Jesus healed all who reached out to Him in faith and He sent His disciples out to preach, giving them the power to heal just as He did. “See God’s glory! See the task of the Church! To help the sick, not to get lost in chatter, but to help always, to console, to relieve, to be close to the sick; this is the task”.

Of course, today all sickness of the flesh is not healed but Pope Francis points out prayer heals and strengthens the spirit of those who are ill as well as family members. Emmanuel Mounier, the French philosopher (1905-1950), illustrates the pope’s teaching. He had an infant daughter who was hospitalized with a serious brain condition, “What sense would all this make if our baby was only a diseased flesh, a piece of life in pain, and not a small white wafer that is beyond us all, an infinity of mystery and love which would dazzle us were we to see it face-to-face?,” he asked. We are spirit as well as flesh. With faith and prayer, illness can bring us closer to each other and God, healing our spirits.

“The Church invites us to continual prayer for our dear ones who are sick, and prayer for them must never be lacking. Rather, we must pray more, both personally and as a community. … Faced with sickness, difficulties can also arise in the family as a result of human weakness. But in general illness strengthens family bonds. And I think of how important it is to educate children, starting from infancy, on the importance of solidarity in times of sickness. An education that shelters them from sensitivity to human sickness hardens the heart and anaesthetises the young to the suffering of others, rendering them incapable of facing up to suffering and living the experience of limits.”
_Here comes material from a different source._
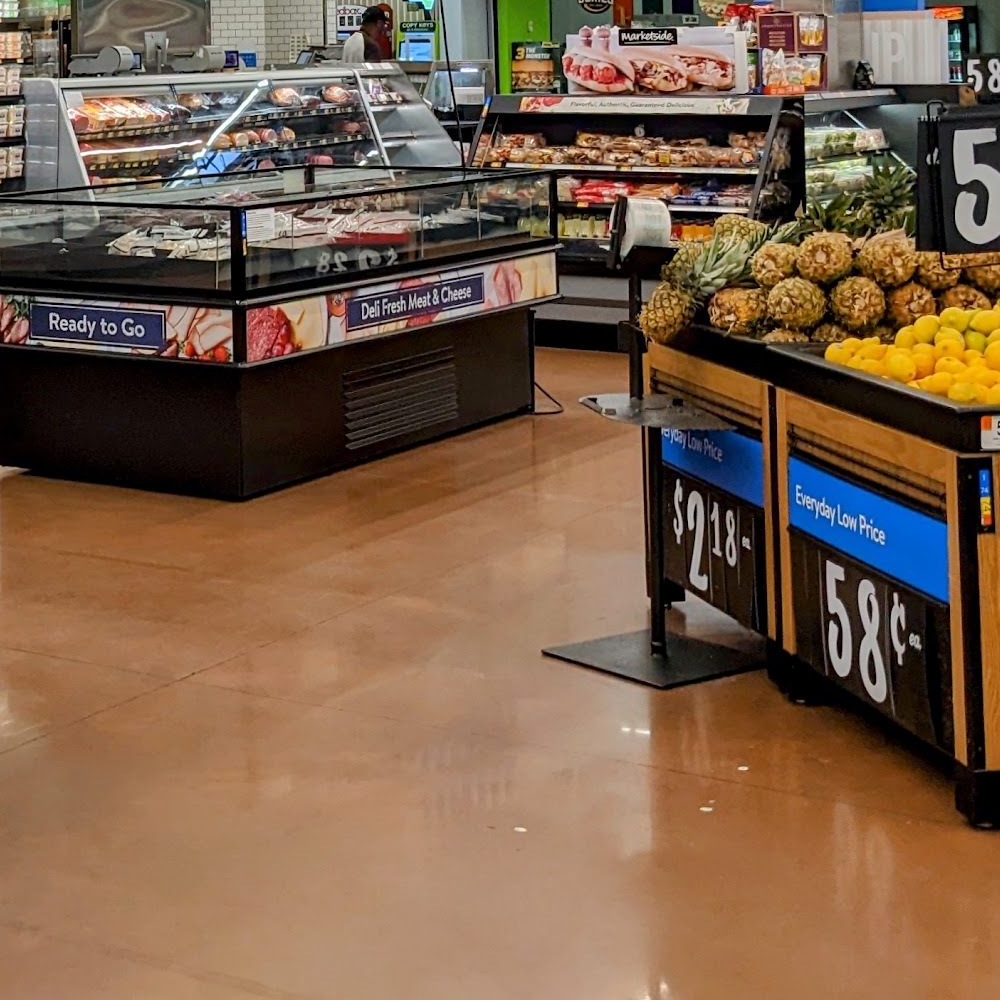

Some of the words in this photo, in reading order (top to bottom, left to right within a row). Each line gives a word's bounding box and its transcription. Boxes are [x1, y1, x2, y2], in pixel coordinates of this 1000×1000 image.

Catholic families must learn to follow Christ’s attitude, forming children who can face up to suffering.

“The weakness and suffering of our most loved ones … can be … a school of life … and especially when illness is accompanied by prayer and the fraternal, affectionate closeness of families. The Christian community is well aware that the family, during the trials of sickness, must not be left alone. … This Christian closeness of family to family, is a true treasure for a parish: a treasure of wisdom, that helps families in difficult moments and enables them to understand the Kingdom of God more clearly than through words.”